The band was honoured with the Gold Standard on Feb. 23 after performing three pieces for judging at the prestigious festival which is an affiliate of MusicFest Canada. The annual event features more than 100 concert bands from all over Eastern Ontario performing before professional adjudicators. There is also a jazz division.
This year’s festival was held at Hillcrest High School and Stonecrest performed their pieces on Feb. 20. Stonecrest performed Summit March, As We Sleep and Dark Adventure.
Band leader and teacher Nicole Vaillancourt-Hass says it’s a fun, grueling time.
“It’s four full days,” she told West Carleton Online from the school Friday, March 1 just as the band was breaking up after practice. “From 9 a.m. to 9 p.m. From beginner bands to adult professional ensembles. It requires a lot of discipline on the students’ part. It’s really a team activity. They have to focus on their music but listen to the others and work together.”
It is not a competition against the other bands though. Each band is judged on their own performance and awarded their standard based on that. Vaillancourt-Hass has taught music at Stonecrest for the last 13 years.
This year’s band is made up of 46 students “mostly second year students and some really keen first years.”
“I’m extremely pleased,” Nicole Vaillancourt-Hass said. “I feel they did tremendously well considering there was a switch in teachers (maternity) part way through last year. I feel they really pulled together. That’s why I think music education is so important. There are kids that wouldn’t have this opportunity if it wasn’t for this.”
Two Stonecrest students taking every opportunity they get to perform, are band members Garrett Box of Woodlawn and Kieran Martin of Constance Bay. Box, 14, is a second-year member, and it’s 13-year-old Martin’s first year.
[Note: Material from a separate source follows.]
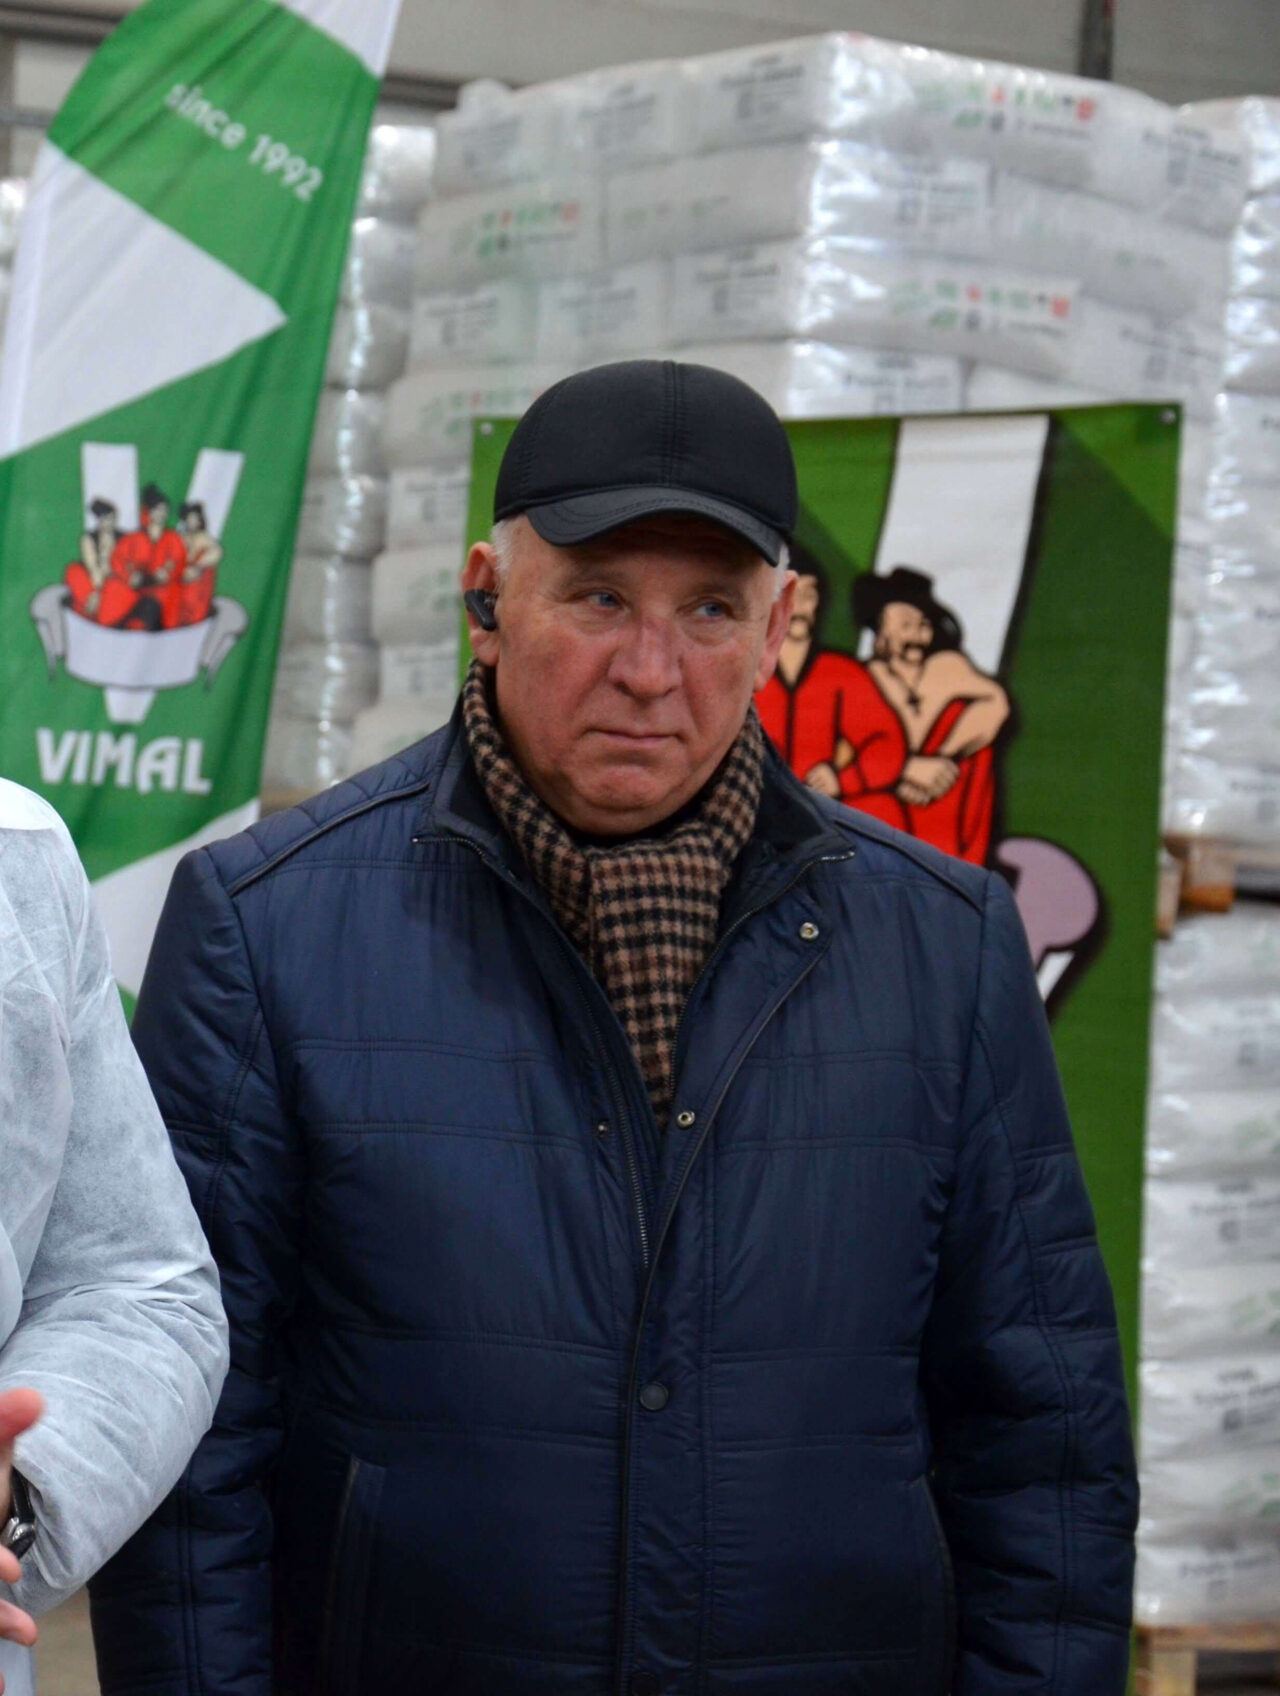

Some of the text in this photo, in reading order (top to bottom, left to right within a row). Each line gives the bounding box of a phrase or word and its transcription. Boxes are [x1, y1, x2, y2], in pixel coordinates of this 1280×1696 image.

[165, 84, 323, 201] since 1992
[36, 727, 213, 796] VIMAL
Box plays baritone in the band but has taken piano and guitar all his life. Martin, a percussionist, also studies dance at the West Carleton School for Performing Arts.
“It wasn’t that stressful because I felt like I’ve done it before,” Martin told West Carleton Online. “But it was still adrenaline pumping.”
Box agrees.
“It was tons of fun,” he said. “I like doing any performing I can do. I usually do a lot of singing.”
Box also plays a lot of sports, and he says there are lots of similarities.
“It’s actually the feeling I crave most, that adrenaline rush,” Box said. “You feel it, then you just focus on the music. You’re shaking in the halls and then you sit down and you’re ready.”
Martin says the band had their jitters but were confident in their chops.
“We were kind of iffy, but we knew what we could do if we played our best,” she said.
MusicFest requires each band perform three pieces – a march, one chosen from a list and the third selection is up to the conductor.
“For our choice, we went with Dark Adventure,” Vaillancourt-Hass said. “It’s very mysterious, but a driving, exciting piece.”
As We Sleep is a piece written by Canadian Ryan Meeboer.
While Music Fest is over, the Grade 7 and 8 band still has one big show to go.
On Thursday, April 25, the band will be performing a concert at Stonecrest at 7 p.m. that is open to the public. The school band will be joined by the Ottawa Valley Concert Band.
“It’ll be great,” Vaillancourt-Hass said. “It’s a nice way to lose the musical season and then the sports season kind of takes over here in spring.”